ABOUT THIS TASK: The listing should be printed again without a single change.

TASK INPUTS:
++++

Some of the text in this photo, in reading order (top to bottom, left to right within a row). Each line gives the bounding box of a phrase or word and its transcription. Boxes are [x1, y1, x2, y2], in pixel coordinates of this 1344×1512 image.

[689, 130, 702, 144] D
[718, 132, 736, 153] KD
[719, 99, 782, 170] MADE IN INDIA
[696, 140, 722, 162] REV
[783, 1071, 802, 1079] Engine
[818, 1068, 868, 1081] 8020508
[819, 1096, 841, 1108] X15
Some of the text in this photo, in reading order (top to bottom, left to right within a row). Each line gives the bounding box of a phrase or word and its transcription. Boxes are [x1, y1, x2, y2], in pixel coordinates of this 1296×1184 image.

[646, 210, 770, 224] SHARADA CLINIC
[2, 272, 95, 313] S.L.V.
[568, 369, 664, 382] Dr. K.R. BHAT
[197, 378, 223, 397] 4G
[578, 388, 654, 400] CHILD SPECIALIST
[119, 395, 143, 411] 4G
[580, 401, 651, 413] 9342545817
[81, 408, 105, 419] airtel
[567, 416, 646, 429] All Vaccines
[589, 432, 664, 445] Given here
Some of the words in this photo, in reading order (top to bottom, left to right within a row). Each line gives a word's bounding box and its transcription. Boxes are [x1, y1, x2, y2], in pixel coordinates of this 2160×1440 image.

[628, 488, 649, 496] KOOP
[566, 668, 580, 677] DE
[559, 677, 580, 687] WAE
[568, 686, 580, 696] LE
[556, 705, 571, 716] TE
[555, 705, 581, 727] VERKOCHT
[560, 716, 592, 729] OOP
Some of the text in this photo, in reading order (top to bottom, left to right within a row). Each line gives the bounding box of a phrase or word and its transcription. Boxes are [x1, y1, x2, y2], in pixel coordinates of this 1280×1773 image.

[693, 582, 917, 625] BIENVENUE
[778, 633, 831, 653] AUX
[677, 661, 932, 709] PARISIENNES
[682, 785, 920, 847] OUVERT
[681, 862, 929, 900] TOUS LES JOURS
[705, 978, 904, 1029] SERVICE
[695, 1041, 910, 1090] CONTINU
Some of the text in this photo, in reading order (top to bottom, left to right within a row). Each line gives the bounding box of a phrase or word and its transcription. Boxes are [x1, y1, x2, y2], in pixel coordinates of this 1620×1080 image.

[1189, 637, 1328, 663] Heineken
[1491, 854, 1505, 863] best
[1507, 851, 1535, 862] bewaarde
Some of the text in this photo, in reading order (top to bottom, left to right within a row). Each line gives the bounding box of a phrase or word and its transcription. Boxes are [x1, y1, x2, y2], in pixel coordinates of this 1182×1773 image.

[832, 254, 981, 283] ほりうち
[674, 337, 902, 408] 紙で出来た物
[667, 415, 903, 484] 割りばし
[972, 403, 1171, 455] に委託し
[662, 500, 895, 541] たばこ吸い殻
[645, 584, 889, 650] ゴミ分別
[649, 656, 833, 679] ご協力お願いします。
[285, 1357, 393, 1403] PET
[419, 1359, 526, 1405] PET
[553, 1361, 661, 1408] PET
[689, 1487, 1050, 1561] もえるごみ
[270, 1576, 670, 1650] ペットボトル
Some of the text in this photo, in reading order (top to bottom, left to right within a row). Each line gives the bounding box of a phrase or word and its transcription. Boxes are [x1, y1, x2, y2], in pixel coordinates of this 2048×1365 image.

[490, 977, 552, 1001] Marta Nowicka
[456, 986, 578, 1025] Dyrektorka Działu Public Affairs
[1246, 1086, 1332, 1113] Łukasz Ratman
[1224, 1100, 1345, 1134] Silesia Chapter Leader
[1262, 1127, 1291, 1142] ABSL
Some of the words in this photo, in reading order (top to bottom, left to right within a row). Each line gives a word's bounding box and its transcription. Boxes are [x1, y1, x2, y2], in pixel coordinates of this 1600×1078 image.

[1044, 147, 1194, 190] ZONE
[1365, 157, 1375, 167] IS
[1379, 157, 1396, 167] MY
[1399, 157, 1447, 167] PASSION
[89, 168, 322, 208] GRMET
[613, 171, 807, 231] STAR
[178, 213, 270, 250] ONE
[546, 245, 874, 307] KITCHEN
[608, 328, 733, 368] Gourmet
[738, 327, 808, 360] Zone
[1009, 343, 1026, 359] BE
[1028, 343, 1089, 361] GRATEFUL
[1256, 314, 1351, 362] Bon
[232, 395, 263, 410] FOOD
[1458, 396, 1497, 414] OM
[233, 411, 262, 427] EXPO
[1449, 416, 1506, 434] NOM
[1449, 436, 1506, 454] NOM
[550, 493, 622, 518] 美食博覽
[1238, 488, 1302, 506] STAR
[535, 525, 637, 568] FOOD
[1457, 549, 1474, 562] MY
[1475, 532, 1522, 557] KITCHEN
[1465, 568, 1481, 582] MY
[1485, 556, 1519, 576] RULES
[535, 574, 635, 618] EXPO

++++

WRITTEN REPLY:
Some of the text in this photo, in reading order (top to bottom, left to right within a row). Each line gives the bounding box of a phrase or word and its transcription. Boxes are [x1, y1, x2, y2], in pixel coordinates of this 1344×1512 image.

[689, 130, 702, 144] D
[718, 132, 736, 153] KD
[719, 99, 782, 170] MADE IN INDIA
[696, 140, 722, 162] REV
[783, 1071, 802, 1079] Engine
[818, 1068, 868, 1081] 8020508
[819, 1096, 841, 1108] X15
Some of the text in this photo, in reading order (top to bottom, left to right within a row). Each line gives the bounding box of a phrase or word and its transcription. Boxes are [x1, y1, x2, y2], in pixel coordinates of this 1296×1184 image.

[646, 210, 770, 224] SHARADA CLINIC
[2, 272, 95, 313] S.L.V.
[568, 369, 664, 382] Dr. K.R. BHAT
[197, 378, 223, 397] 4G
[578, 388, 654, 400] CHILD SPECIALIST
[119, 395, 143, 411] 4G
[580, 401, 651, 413] 9342545817
[81, 408, 105, 419] airtel
[567, 416, 646, 429] All Vaccines
[589, 432, 664, 445] Given here
Some of the words in this photo, in reading order (top to bottom, left to right within a row). Each line gives a word's bounding box and its transcription. Boxes are [x1, y1, x2, y2], in pixel coordinates of this 2160×1440 image.

[628, 488, 649, 496] KOOP
[566, 668, 580, 677] DE
[559, 677, 580, 687] WAE
[568, 686, 580, 696] LE
[556, 705, 571, 716] TE
[555, 705, 581, 727] VERKOCHT
[560, 716, 592, 729] OOP
Some of the text in this photo, in reading order (top to bottom, left to right within a row). Each line gives the bounding box of a phrase or word and its transcription. Boxes are [x1, y1, x2, y2], in pixel coordinates of this 1280×1773 image.

[693, 582, 917, 625] BIENVENUE
[778, 633, 831, 653] AUX
[677, 661, 932, 709] PARISIENNES
[682, 785, 920, 847] OUVERT
[681, 862, 929, 900] TOUS LES JOURS
[705, 978, 904, 1029] SERVICE
[695, 1041, 910, 1090] CONTINU
Some of the text in this photo, in reading order (top to bottom, left to right within a row). Each line gives the bounding box of a phrase or word and its transcription. Boxes are [x1, y1, x2, y2], in pixel coordinates of this 1620×1080 image.

[1189, 637, 1328, 663] Heineken
[1491, 854, 1505, 863] best
[1507, 851, 1535, 862] bewaarde
Some of the text in this photo, in reading order (top to bottom, left to right within a row). Each line gives the bounding box of a phrase or word and its transcription. Boxes are [x1, y1, x2, y2], in pixel coordinates of this 1182×1773 image.

[832, 254, 981, 283] ほりうち
[674, 337, 902, 408] 紙で出来た物
[667, 415, 903, 484] 割りばし
[972, 403, 1171, 455] に委託し
[662, 500, 895, 541] たばこ吸い殻
[645, 584, 889, 650] ゴミ分別
[649, 656, 833, 679] ご協力お願いします。
[285, 1357, 393, 1403] PET
[419, 1359, 526, 1405] PET
[553, 1361, 661, 1408] PET
[689, 1487, 1050, 1561] もえるごみ
[270, 1576, 670, 1650] ペットボトル
Some of the text in this photo, in reading order (top to bottom, left to right within a row). Each line gives the bounding box of a phrase or word and its transcription. Boxes are [x1, y1, x2, y2], in pixel coordinates of this 2048×1365 image.

[490, 977, 552, 1001] Marta Nowicka
[456, 986, 578, 1025] Dyrektorka Działu Public Affairs
[1246, 1086, 1332, 1113] Łukasz Ratman
[1224, 1100, 1345, 1134] Silesia Chapter Leader
[1262, 1127, 1291, 1142] ABSL
Some of the words in this photo, in reading order (top to bottom, left to right within a row). Each line gives a word's bounding box and its transcription. Boxes are [x1, y1, x2, y2], in pixel coordinates of this 1600×1078 image.

[1044, 147, 1194, 190] ZONE
[1365, 157, 1375, 167] IS
[1379, 157, 1396, 167] MY
[1399, 157, 1447, 167] PASSION
[89, 168, 322, 208] GRMET
[613, 171, 807, 231] STAR
[178, 213, 270, 250] ONE
[546, 245, 874, 307] KITCHEN
[608, 328, 733, 368] Gourmet
[738, 327, 808, 360] Zone
[1009, 343, 1026, 359] BE
[1028, 343, 1089, 361] GRATEFUL
[1256, 314, 1351, 362] Bon
[232, 395, 263, 410] FOOD
[1458, 396, 1497, 414] OM
[233, 411, 262, 427] EXPO
[1449, 416, 1506, 434] NOM
[1449, 436, 1506, 454] NOM
[550, 493, 622, 518] 美食博覽
[1238, 488, 1302, 506] STAR
[535, 525, 637, 568] FOOD
[1457, 549, 1474, 562] MY
[1475, 532, 1522, 557] KITCHEN
[1465, 568, 1481, 582] MY
[1485, 556, 1519, 576] RULES
[535, 574, 635, 618] EXPO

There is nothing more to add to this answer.